# 1. Introduction

Bees are animals and, as such, are inherently variable at the molecular, individual, and population levels. This intrinsic variability means that a researcher needs to separate the various sources of variability contained in the measurements, whether obtained by observational or experimental research, into signal and noise. The former may be due to treatments received, bee age, or innate differences in resistance. The latter is largely due to the genetic (and phenotypic expression of it) background that characterises individual living organisms. Statistics is the branch of mathematics we use to isolate and quantify the signal and determine its importance, relative to the inherent noise. For the researcher, with an eye toward the statistical analysis to come, and before data collection starts, one should ask:

1) Which variables (VIM, 2008) am I going to measure and what kind of data will those variables generate?

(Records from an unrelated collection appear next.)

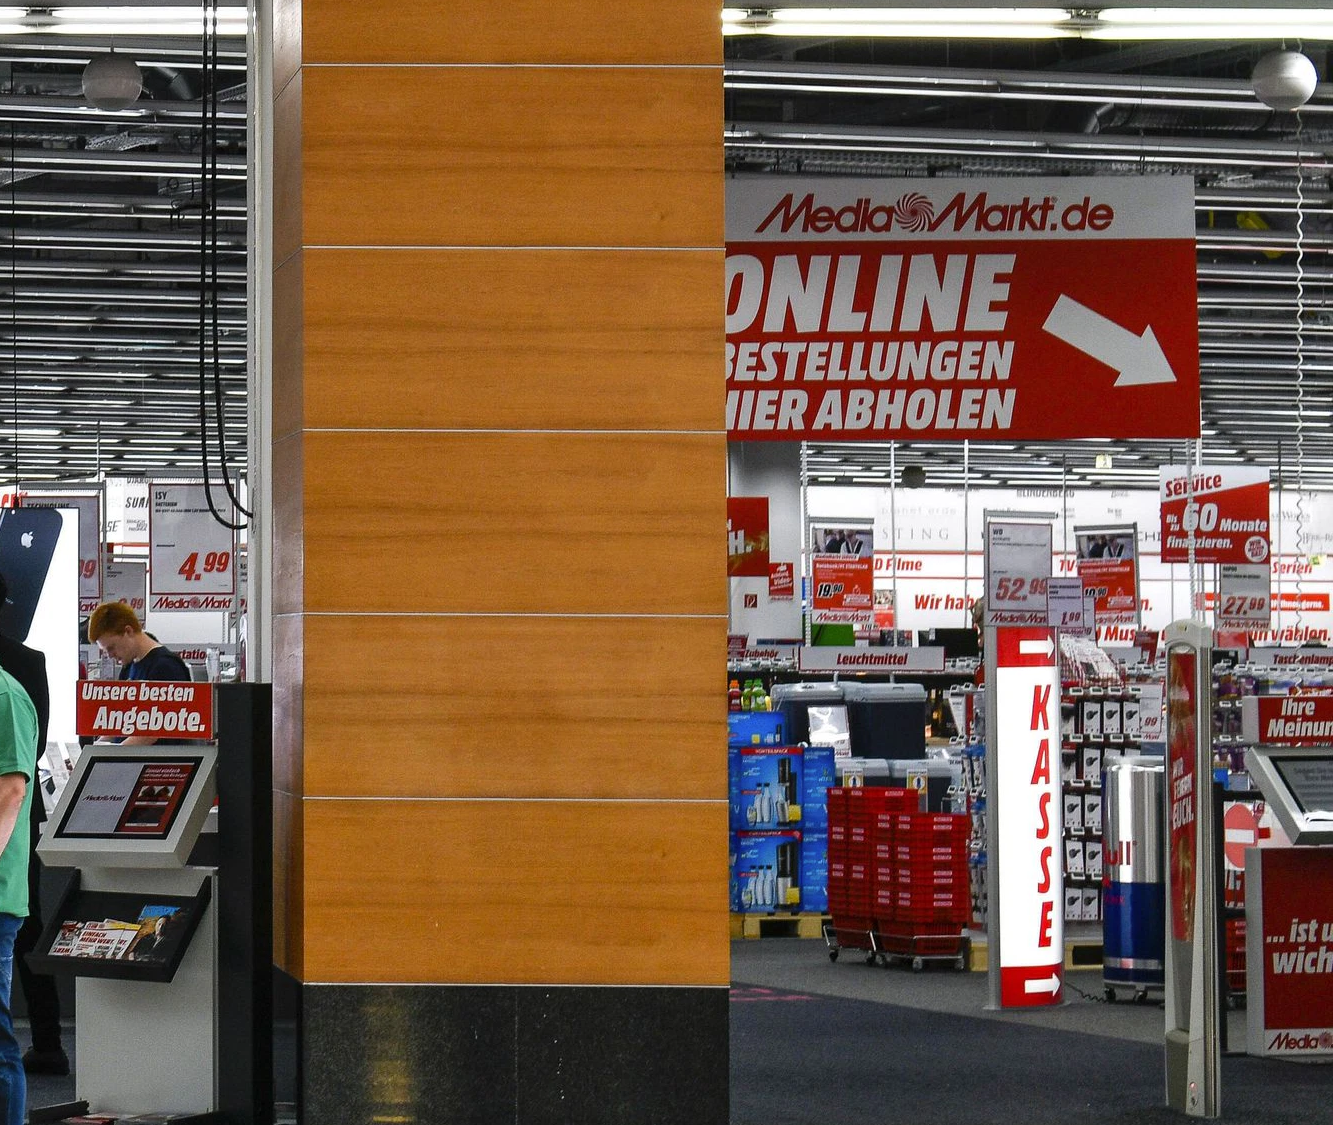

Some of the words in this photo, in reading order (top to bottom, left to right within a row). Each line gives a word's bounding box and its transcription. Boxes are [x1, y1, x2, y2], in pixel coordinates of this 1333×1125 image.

[725, 253, 1017, 334] ONLINE
[811, 387, 1017, 431] ABHOLEN
[1166, 473, 1222, 497] Service
[155, 491, 167, 500] ISY
[1183, 502, 1218, 532] 60
[1220, 518, 1268, 532] Monate
[178, 551, 230, 581] 4.99
[886, 557, 922, 571] Flme
[996, 577, 1046, 601] 52.99
[914, 593, 940, 610] Wir
[1222, 596, 1266, 615] 27.99
[1270, 626, 1330, 642] wählen.
[743, 649, 779, 659] Zubehör
[836, 652, 908, 666] Leuchtmittel
[1273, 654, 1333, 666] Taschenlamp
[82, 682, 136, 701] Unsere
[139, 683, 194, 702] besten
[1281, 698, 1316, 716] Ihre
[93, 706, 206, 735] Angebote.
[1267, 718, 1333, 737] Meinun
[1030, 684, 1054, 948] KASSE
[1289, 917, 1317, 943] ist
[1272, 945, 1333, 974] wich

2) What degree of accuracy do I want to achieve and what is the corresponding sample size required?

3) Which statistical analysis will help me to answer my research question? This is related to the question. What kind of underlying process produces data like those I will be collecting?

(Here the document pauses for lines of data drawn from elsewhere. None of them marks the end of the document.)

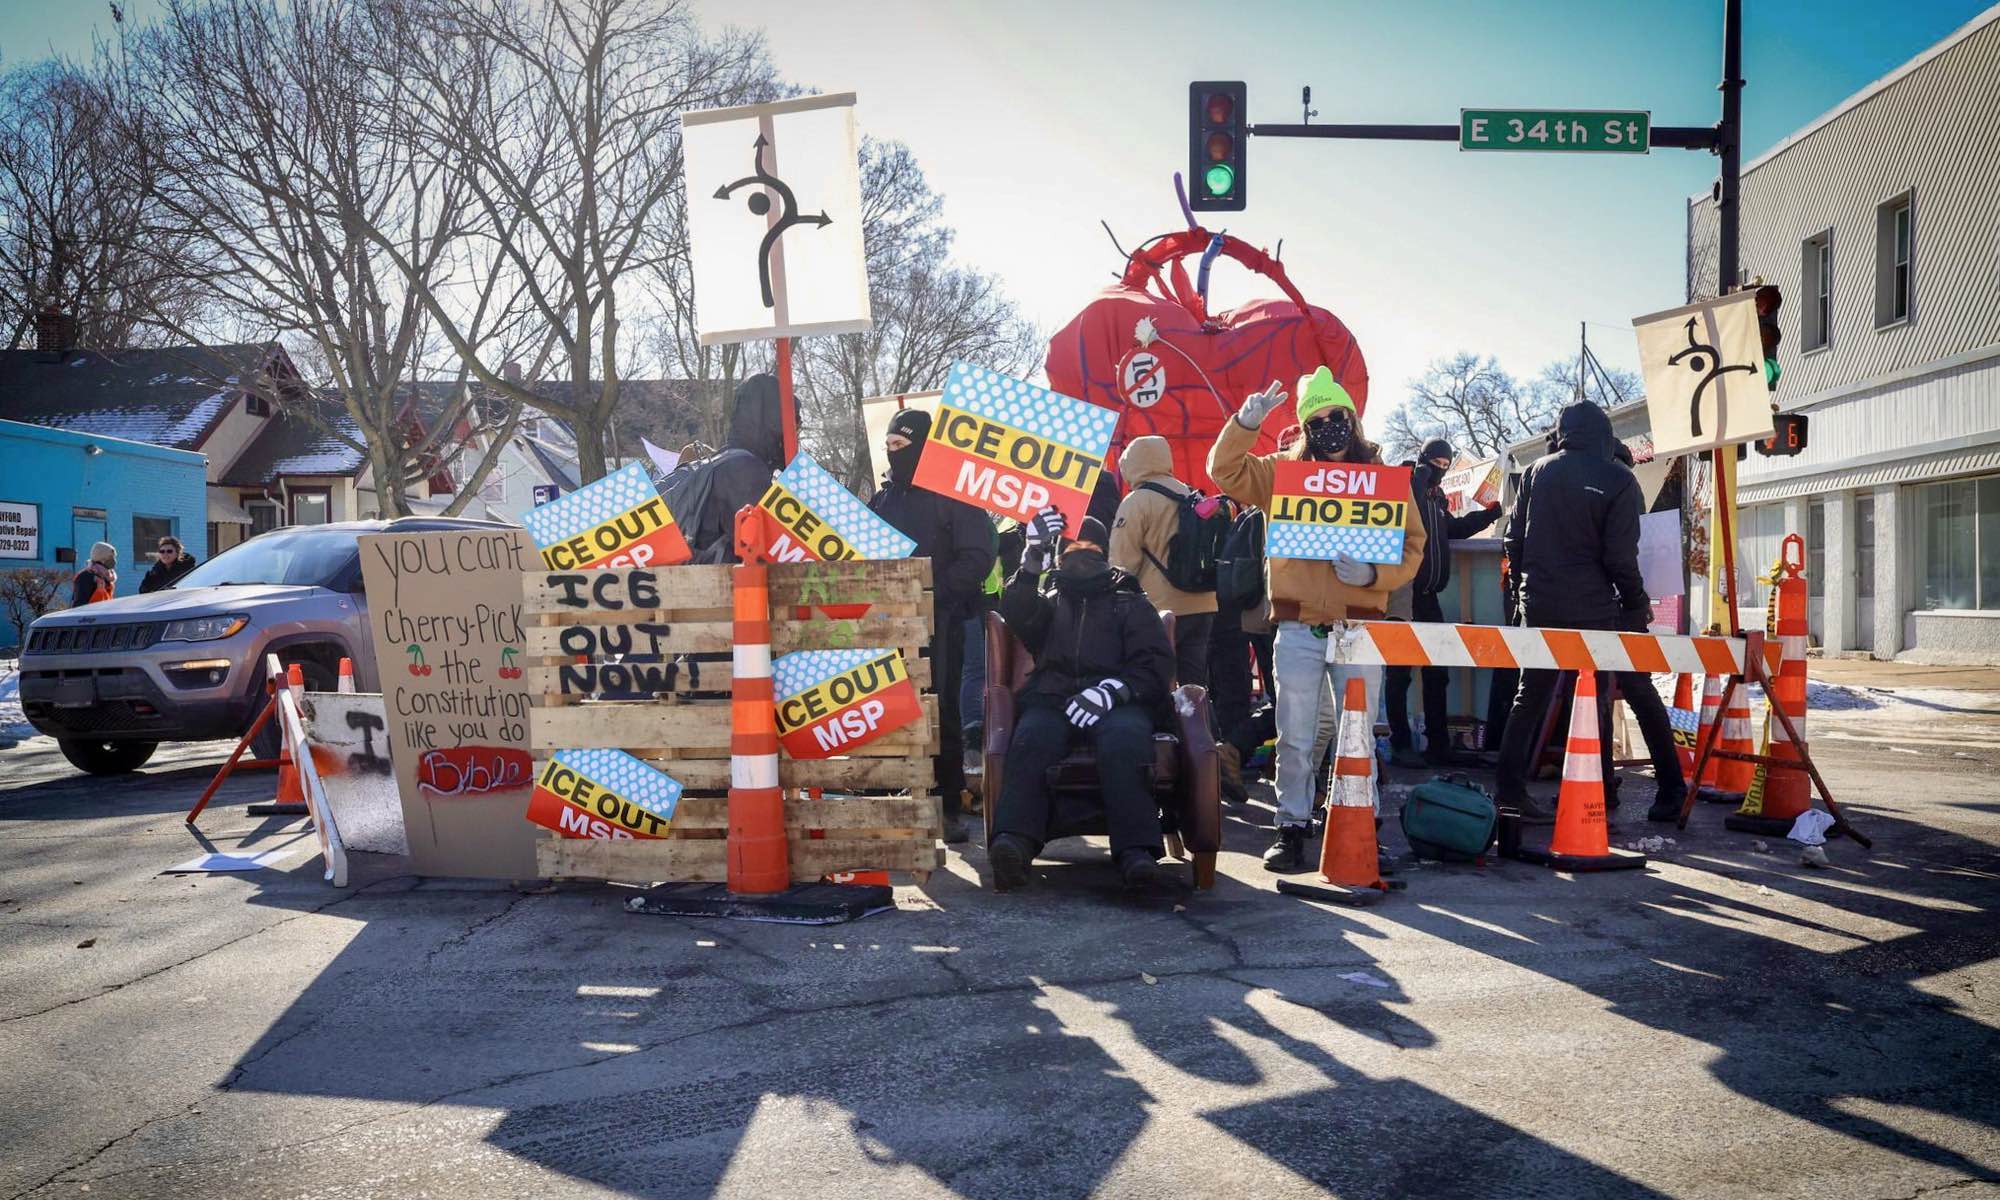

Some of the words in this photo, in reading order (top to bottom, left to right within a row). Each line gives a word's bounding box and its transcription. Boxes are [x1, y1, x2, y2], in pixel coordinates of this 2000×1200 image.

[1471, 118, 1489, 142] E
[1505, 118, 1589, 144] 34th
[1603, 119, 1639, 145] St
[1132, 356, 1159, 404] ICE
[933, 408, 1005, 459] ICE
[1010, 436, 1102, 489] OUT
[954, 459, 1050, 515] MSP
[1303, 468, 1377, 496] MSP
[763, 486, 822, 542] ICE
[1273, 497, 1343, 524] OUT
[1350, 501, 1404, 527] ICE
[16, 525, 37, 537] Repair
[542, 536, 595, 571] ICE
[594, 499, 664, 552] OUT
[456, 532, 526, 572] can't
[546, 571, 661, 610] ICE
[559, 623, 671, 656] OUT
[440, 649, 484, 685] the
[559, 661, 700, 694] NOW!
[395, 685, 534, 719] Constitution
[774, 688, 828, 735] ICE
[829, 653, 897, 705] OUT
[404, 719, 438, 751] like
[448, 722, 488, 748] you
[500, 717, 525, 743] do
[812, 699, 885, 752] MSP
[541, 761, 595, 808] ICE
[597, 792, 667, 836] OUT

4) From what population do I want to sample? (What is the statistical population/ statistical universe?) For example, do I want to make inferences about the local, national, continental, or worldwide population?

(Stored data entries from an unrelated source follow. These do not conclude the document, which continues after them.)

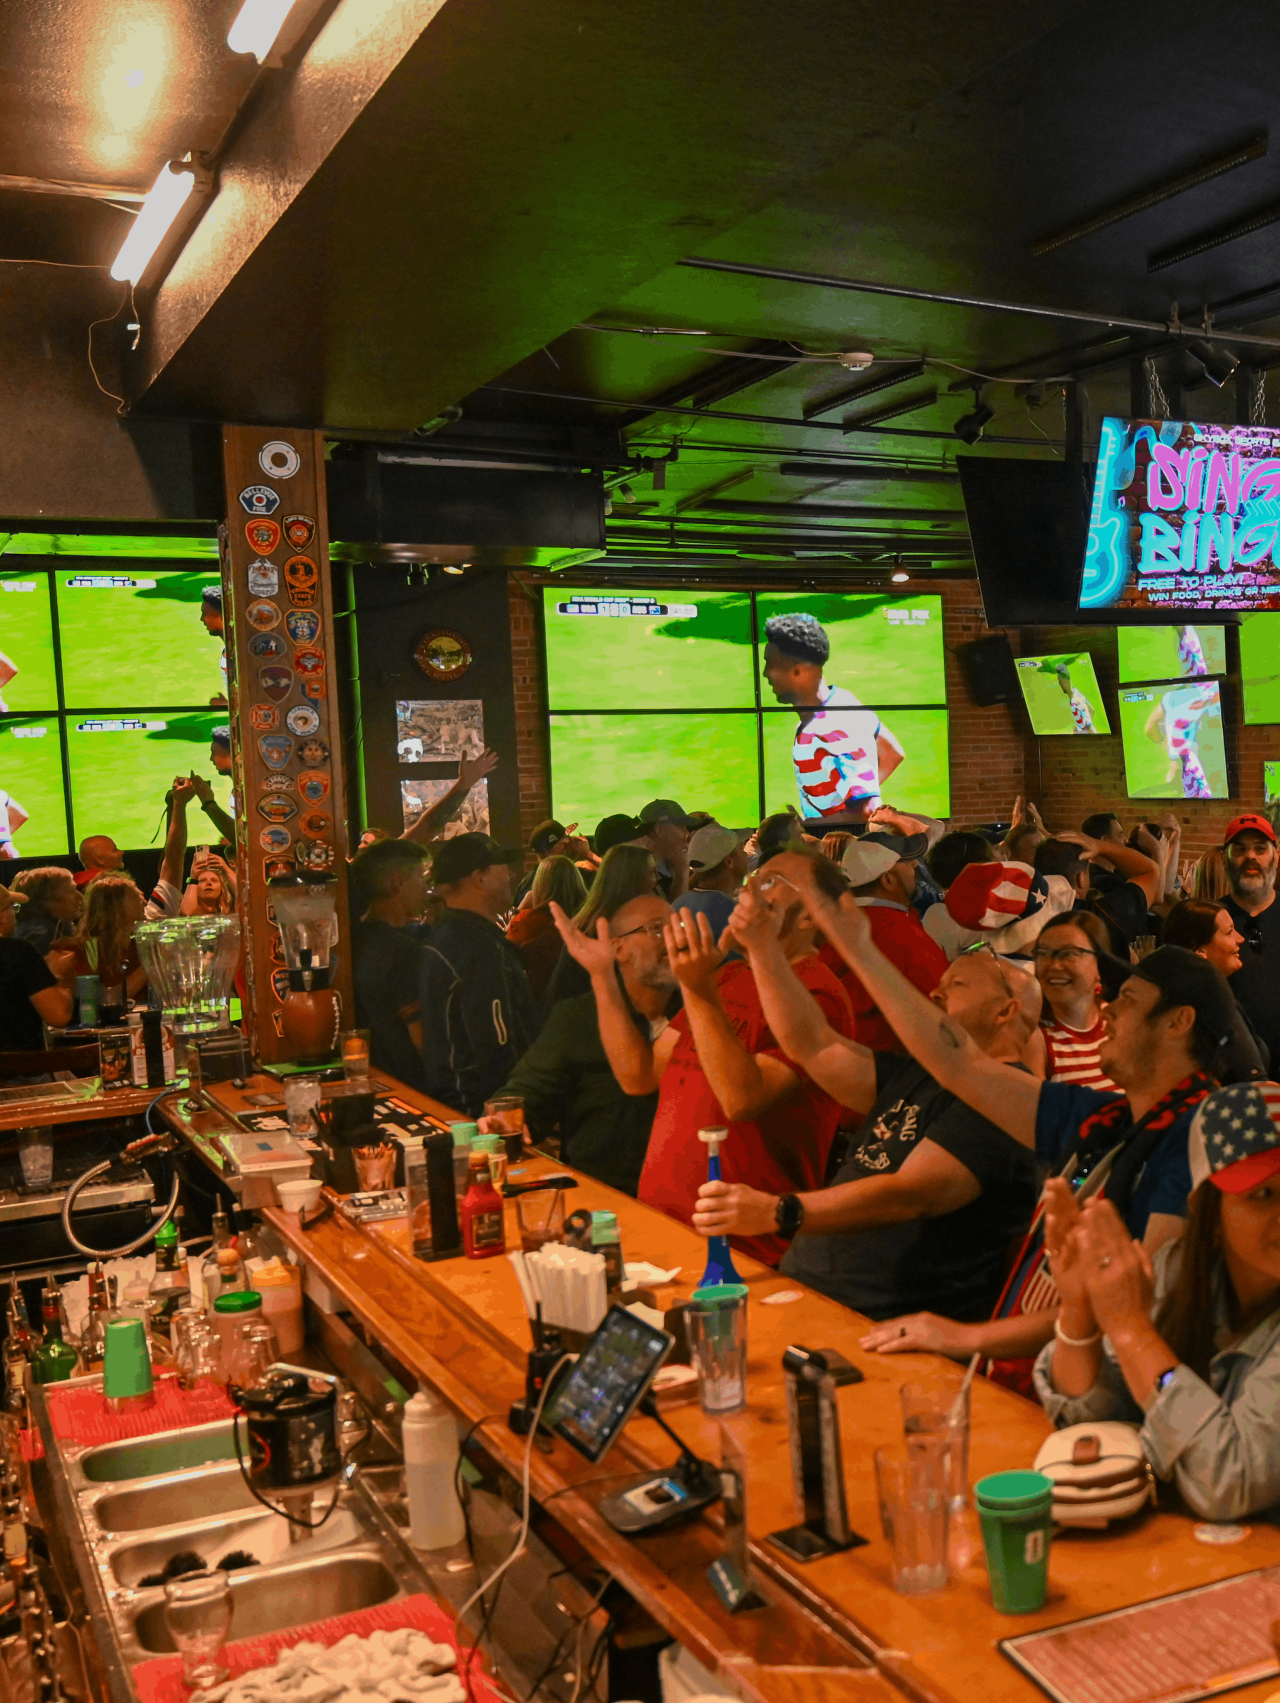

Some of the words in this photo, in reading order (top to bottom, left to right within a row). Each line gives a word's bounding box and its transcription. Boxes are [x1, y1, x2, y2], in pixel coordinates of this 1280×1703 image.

[243, 488, 276, 500] BELLEVUE
[1138, 578, 1175, 590] FREE
[1180, 576, 1200, 588] TO
[1203, 573, 1243, 586] PLAY!
[1148, 592, 1169, 601] WIN
[1172, 590, 1201, 600] FOOD,
[1205, 588, 1242, 598] DRINKS
[1245, 587, 1259, 595] OR

One function of statistics is to summarise
information to make it more usable and easier to grasp. A second is inductive,
where one makes generalisations based on a subset of a population or based on
repeated observations (through replication or repeated over time). For example,
if 50 workers randomly sampled from 20 colonies all produce 10-hydroxydecanoic acid (10-HDAA, one of the
major components in the mandibular gland, especially in workers; Crewe, 1982; Pirk* et al.*, 2011), one could infer that all workers produce
10-HDAA. An example of inferring a general pattern from repeated observations
would be: If an experiment is repeated 5 times and yields the same result each
time, one makes a generalisation based on this limited number of experiments.
One should keep in mind that, if one is measuring a quantitative variable,
irrespective of how precise measuring instruments are, each experimental unit/
replicate produces a unique data value. A third function of statistics is based
on deductive reasoning and might involve statistical modelling, in the
classical or Bayesian paradigm, to understand the basic processes that produced
the measurements, possibly by incorporating prior information (e.g. predicting
species distributions or phylogenetic relationships/trees; see Kaeker
and Jones, 2003). In this article we will cover, albeit
incompletely, all three functions of statistics. We have largely focused on research with bee
pathogens, in part because these are of intense practical and theoretical
interest, and in part because of our own backgrounds. However, bee biology rightly
includes a much greater spectrum of research, and for much of it there are
specialised statistical tools. Some of
the ones we discuss are broadly applicable but, by necessity, this section can
only provide an uneven treatment of current statistical methods that might be
used in bee research. In particular, we
do not discuss multivariate methods, other than principal components, Bayesian
approaches, and touch only lightly on simulation and resampling methods, all
are current fields of investigation in statistics. Molecular, and in particular, genomic
research has spawned substantial new statistical methodology, also not covered
here.

Furthermore, we restrict ourselves here to providing guidelines on statistics for certain kinds of honey bee research, as mentioned above, with referrals to more detailed sources of information. Fortunately, there are excellent statistical tools available, the most important of which is a good statistician.

The statistics
we describe can be roughly grouped into two main areas, one having to do with
sampling to estimate population characteristics (e.g. for pathogen prevalence =
proportion of infected bees in an apiary or a colony), and the other having to
do with experiments (e.g. comparing treatments, one of which may be a control).
Due to the complex social structure of a bee hive, and the peculiar
developmental and environmental aspects of bee biology, sampling in this
discipline has more components to consider than in most biological fields. Some
statistical topics are relevant to both sampling and experimental studies, such
as sample size and power. Others are primarily of concern for just one of the
areas. For example, when sampling for pathogen prevalence, primary issues
include representativeness, and how or when to sample. For experiments, they
include hypothesis formulation and development of appropriate statistical
models for the processes (which includes testing and assumptions of models). Of
course, good experiments require representative samples, and also require a
good understanding of sampling. Both areas are important for data acquisition
and analysis. We start with statistical issues related to sampling.